> [Task goal] For this exercise, repeat the records below exactly as written.

> [Records from a collection]
□ □ □

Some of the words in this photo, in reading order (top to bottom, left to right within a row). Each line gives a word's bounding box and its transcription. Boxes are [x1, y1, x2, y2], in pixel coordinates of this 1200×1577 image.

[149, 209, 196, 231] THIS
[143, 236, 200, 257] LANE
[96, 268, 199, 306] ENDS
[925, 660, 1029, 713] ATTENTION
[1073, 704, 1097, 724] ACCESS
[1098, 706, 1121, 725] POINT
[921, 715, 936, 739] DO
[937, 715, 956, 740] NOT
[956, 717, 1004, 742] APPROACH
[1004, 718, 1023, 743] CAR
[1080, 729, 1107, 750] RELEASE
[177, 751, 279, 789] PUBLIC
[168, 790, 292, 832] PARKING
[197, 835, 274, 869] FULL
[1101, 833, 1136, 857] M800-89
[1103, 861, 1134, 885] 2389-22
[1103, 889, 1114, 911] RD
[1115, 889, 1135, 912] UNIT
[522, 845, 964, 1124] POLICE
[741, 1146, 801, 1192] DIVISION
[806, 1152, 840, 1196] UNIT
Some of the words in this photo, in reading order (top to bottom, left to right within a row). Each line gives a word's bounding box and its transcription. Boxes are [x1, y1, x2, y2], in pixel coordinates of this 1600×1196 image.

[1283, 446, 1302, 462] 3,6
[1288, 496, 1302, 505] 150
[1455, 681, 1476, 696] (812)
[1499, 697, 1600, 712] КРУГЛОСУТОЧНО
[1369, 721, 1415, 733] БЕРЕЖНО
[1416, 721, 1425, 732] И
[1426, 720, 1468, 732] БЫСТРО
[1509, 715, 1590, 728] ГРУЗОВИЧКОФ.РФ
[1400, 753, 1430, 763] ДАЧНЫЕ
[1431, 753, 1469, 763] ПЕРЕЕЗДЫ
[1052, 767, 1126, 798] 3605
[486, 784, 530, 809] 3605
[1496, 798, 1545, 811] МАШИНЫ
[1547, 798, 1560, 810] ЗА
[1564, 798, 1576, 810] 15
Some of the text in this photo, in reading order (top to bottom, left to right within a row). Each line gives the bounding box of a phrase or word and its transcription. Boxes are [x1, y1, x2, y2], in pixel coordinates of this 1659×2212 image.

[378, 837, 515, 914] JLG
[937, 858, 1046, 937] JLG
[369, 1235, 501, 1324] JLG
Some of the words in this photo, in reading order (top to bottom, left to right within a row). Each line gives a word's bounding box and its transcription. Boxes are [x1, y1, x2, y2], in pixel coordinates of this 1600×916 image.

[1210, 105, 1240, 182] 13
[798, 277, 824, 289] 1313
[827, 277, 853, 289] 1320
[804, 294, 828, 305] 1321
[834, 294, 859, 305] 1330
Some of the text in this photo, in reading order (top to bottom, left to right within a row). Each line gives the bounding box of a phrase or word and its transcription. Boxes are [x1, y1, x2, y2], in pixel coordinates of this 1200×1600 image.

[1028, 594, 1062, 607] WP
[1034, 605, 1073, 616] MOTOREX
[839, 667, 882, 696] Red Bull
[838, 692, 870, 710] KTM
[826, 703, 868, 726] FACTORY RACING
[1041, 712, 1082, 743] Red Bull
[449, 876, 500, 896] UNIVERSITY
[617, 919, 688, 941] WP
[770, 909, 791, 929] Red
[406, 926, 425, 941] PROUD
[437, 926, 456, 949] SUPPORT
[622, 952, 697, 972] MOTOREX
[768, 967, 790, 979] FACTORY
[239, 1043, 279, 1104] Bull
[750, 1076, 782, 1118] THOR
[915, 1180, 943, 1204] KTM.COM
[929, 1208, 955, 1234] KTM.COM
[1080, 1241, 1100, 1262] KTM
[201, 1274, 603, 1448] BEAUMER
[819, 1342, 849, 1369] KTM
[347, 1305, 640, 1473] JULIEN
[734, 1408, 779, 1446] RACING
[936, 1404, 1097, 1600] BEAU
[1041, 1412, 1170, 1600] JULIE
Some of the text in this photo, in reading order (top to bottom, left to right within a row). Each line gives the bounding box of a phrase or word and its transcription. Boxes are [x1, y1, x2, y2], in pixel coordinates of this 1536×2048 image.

□ □ □

> [Task answer]
Some of the words in this photo, in reading order (top to bottom, left to right within a row). Each line gives a word's bounding box and its transcription. Boxes are [x1, y1, x2, y2], in pixel coordinates of this 1200×1577 image.

[149, 209, 196, 231] THIS
[143, 236, 200, 257] LANE
[96, 268, 199, 306] ENDS
[925, 660, 1029, 713] ATTENTION
[1073, 704, 1097, 724] ACCESS
[1098, 706, 1121, 725] POINT
[921, 715, 936, 739] DO
[937, 715, 956, 740] NOT
[956, 717, 1004, 742] APPROACH
[1004, 718, 1023, 743] CAR
[1080, 729, 1107, 750] RELEASE
[177, 751, 279, 789] PUBLIC
[168, 790, 292, 832] PARKING
[197, 835, 274, 869] FULL
[1101, 833, 1136, 857] M800-89
[1103, 861, 1134, 885] 2389-22
[1103, 889, 1114, 911] RD
[1115, 889, 1135, 912] UNIT
[522, 845, 964, 1124] POLICE
[741, 1146, 801, 1192] DIVISION
[806, 1152, 840, 1196] UNIT
Some of the words in this photo, in reading order (top to bottom, left to right within a row). Each line gives a word's bounding box and its transcription. Boxes are [x1, y1, x2, y2], in pixel coordinates of this 1600×1196 image.

[1283, 446, 1302, 462] 3,6
[1288, 496, 1302, 505] 150
[1455, 681, 1476, 696] (812)
[1499, 697, 1600, 712] КРУГЛОСУТОЧНО
[1369, 721, 1415, 733] БЕРЕЖНО
[1416, 721, 1425, 732] И
[1426, 720, 1468, 732] БЫСТРО
[1509, 715, 1590, 728] ГРУЗОВИЧКОФ.РФ
[1400, 753, 1430, 763] ДАЧНЫЕ
[1431, 753, 1469, 763] ПЕРЕЕЗДЫ
[1052, 767, 1126, 798] 3605
[486, 784, 530, 809] 3605
[1496, 798, 1545, 811] МАШИНЫ
[1547, 798, 1560, 810] ЗА
[1564, 798, 1576, 810] 15
Some of the text in this photo, in reading order (top to bottom, left to right within a row). Each line gives the bounding box of a phrase or word and its transcription. Boxes are [x1, y1, x2, y2], in pixel coordinates of this 1659×2212 image.

[378, 837, 515, 914] JLG
[937, 858, 1046, 937] JLG
[369, 1235, 501, 1324] JLG
Some of the words in this photo, in reading order (top to bottom, left to right within a row). Each line gives a word's bounding box and its transcription. Boxes are [x1, y1, x2, y2], in pixel coordinates of this 1600×916 image.

[1210, 105, 1240, 182] 13
[798, 277, 824, 289] 1313
[827, 277, 853, 289] 1320
[804, 294, 828, 305] 1321
[834, 294, 859, 305] 1330
Some of the text in this photo, in reading order (top to bottom, left to right within a row). Each line gives the bounding box of a phrase or word and its transcription. Boxes are [x1, y1, x2, y2], in pixel coordinates of this 1200×1600 image.

[1028, 594, 1062, 607] WP
[1034, 605, 1073, 616] MOTOREX
[839, 667, 882, 696] Red Bull
[838, 692, 870, 710] KTM
[826, 703, 868, 726] FACTORY RACING
[1041, 712, 1082, 743] Red Bull
[449, 876, 500, 896] UNIVERSITY
[617, 919, 688, 941] WP
[770, 909, 791, 929] Red
[406, 926, 425, 941] PROUD
[437, 926, 456, 949] SUPPORT
[622, 952, 697, 972] MOTOREX
[768, 967, 790, 979] FACTORY
[239, 1043, 279, 1104] Bull
[750, 1076, 782, 1118] THOR
[915, 1180, 943, 1204] KTM.COM
[929, 1208, 955, 1234] KTM.COM
[1080, 1241, 1100, 1262] KTM
[201, 1274, 603, 1448] BEAUMER
[819, 1342, 849, 1369] KTM
[347, 1305, 640, 1473] JULIEN
[734, 1408, 779, 1446] RACING
[936, 1404, 1097, 1600] BEAU
[1041, 1412, 1170, 1600] JULIE
Some of the text in this photo, in reading order (top to bottom, left to right within a row). Each line gives the bounding box of a phrase or word and its transcription. Boxes are [x1, y1, x2, y2], in pixel coordinates of this 1536×2048 image.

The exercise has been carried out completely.